─── DATA SUPPLIED

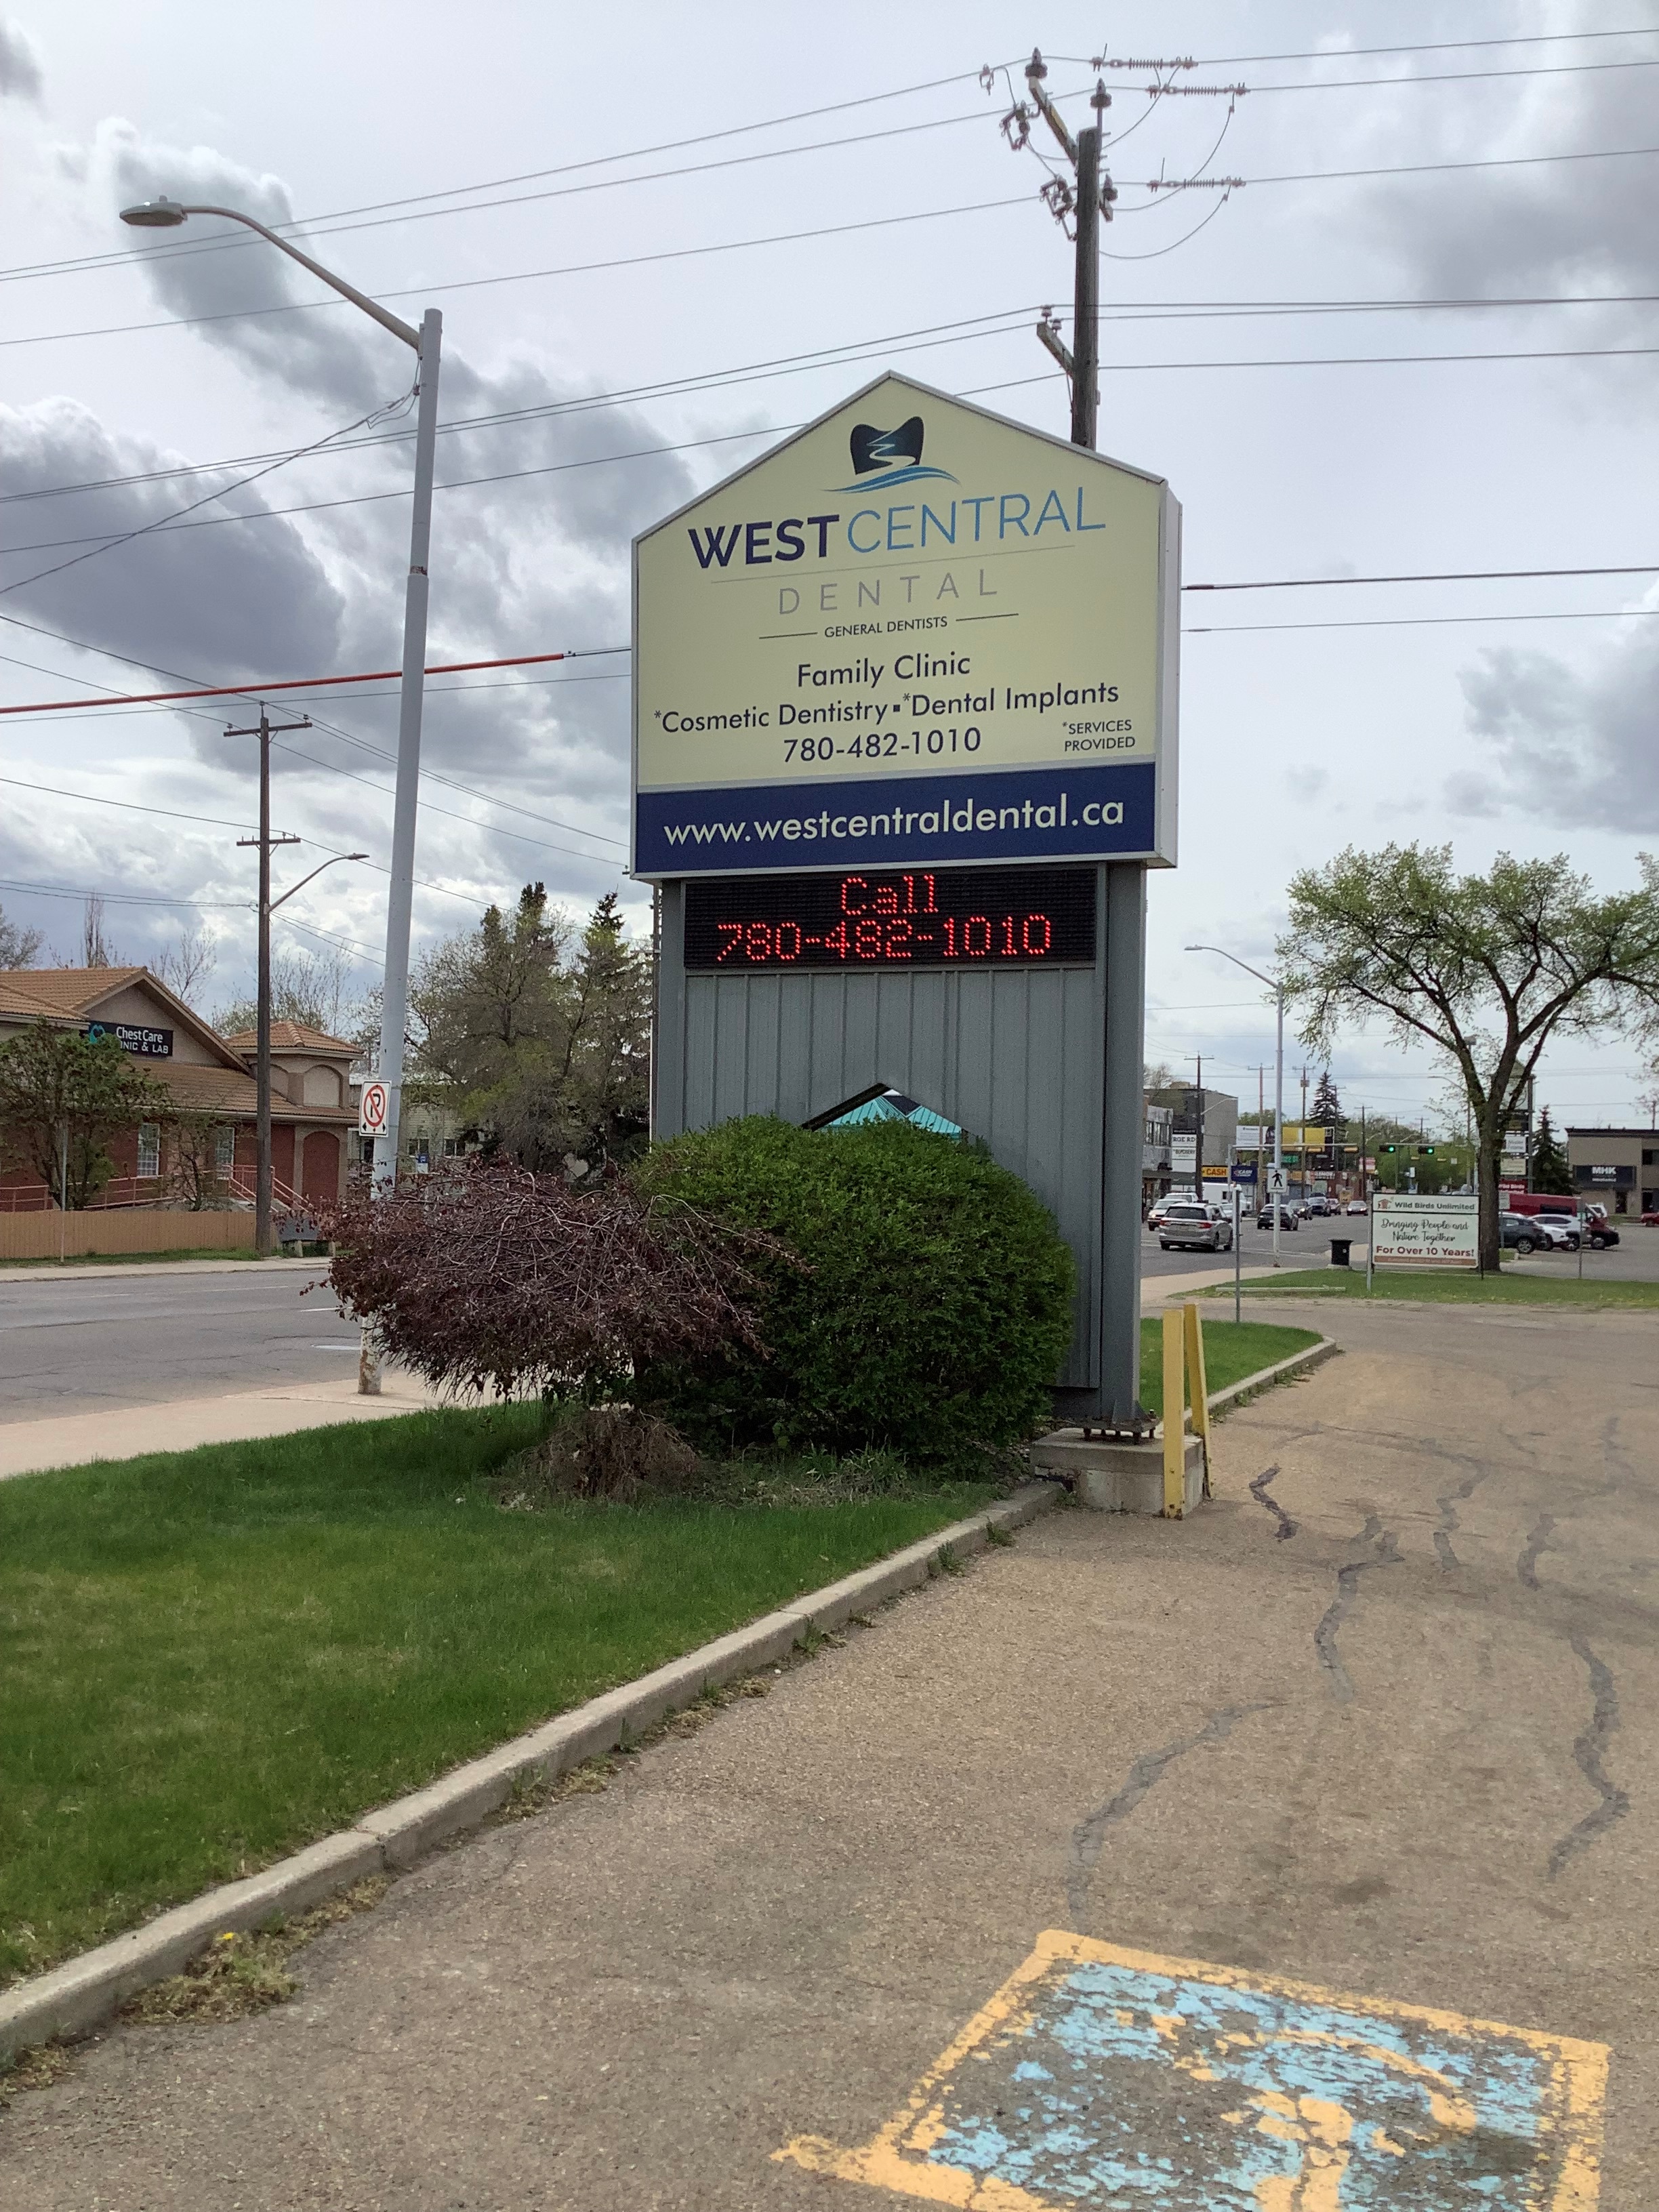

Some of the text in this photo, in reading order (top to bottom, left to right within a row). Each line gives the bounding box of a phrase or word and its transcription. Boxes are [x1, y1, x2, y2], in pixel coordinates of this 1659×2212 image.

[687, 486, 1106, 569] WEST CENTRAL
[778, 569, 998, 615] DENTAL
[825, 616, 947, 637] GENERAL DENTISTS
[798, 651, 970, 688] Family Clinic
[1007, 682, 1118, 713] Implants
[783, 728, 981, 762] 780-482-1010
[1065, 736, 1136, 752] PROVIDED
[663, 794, 1124, 846] www.westcentraldental.ca
[841, 874, 939, 916] Call
[718, 915, 1051, 960] 780-482-1010
[141, 1042, 149, 1052] &
[152, 1044, 169, 1054] LAB
[1592, 1166, 1617, 1175] MHK
[1380, 1218, 1469, 1232] Bringing People and
[1392, 1231, 1456, 1245] Nature Together
[1376, 1246, 1394, 1254] For
[1397, 1246, 1423, 1254] Over
[1441, 1248, 1475, 1257] Years!

──────

WHAT THE TASK ASKS: Without copying any picture, repeat all of the entries exactly.

OUTPUT FOR THIS EXERCISE:
Some of the text in this photo, in reading order (top to bottom, left to right within a row). Each line gives the bounding box of a phrase or word and its transcription. Boxes are [x1, y1, x2, y2], in pixel coordinates of this 1659×2212 image.

[687, 486, 1106, 569] WEST CENTRAL
[778, 569, 998, 615] DENTAL
[825, 616, 947, 637] GENERAL DENTISTS
[798, 651, 970, 688] Family Clinic
[1007, 682, 1118, 713] Implants
[783, 728, 981, 762] 780-482-1010
[1065, 736, 1136, 752] PROVIDED
[663, 794, 1124, 846] www.westcentraldental.ca
[841, 874, 939, 916] Call
[718, 915, 1051, 960] 780-482-1010
[141, 1042, 149, 1052] &
[152, 1044, 169, 1054] LAB
[1592, 1166, 1617, 1175] MHK
[1380, 1218, 1469, 1232] Bringing People and
[1392, 1231, 1456, 1245] Nature Together
[1376, 1246, 1394, 1254] For
[1397, 1246, 1423, 1254] Over
[1441, 1248, 1475, 1257] Years!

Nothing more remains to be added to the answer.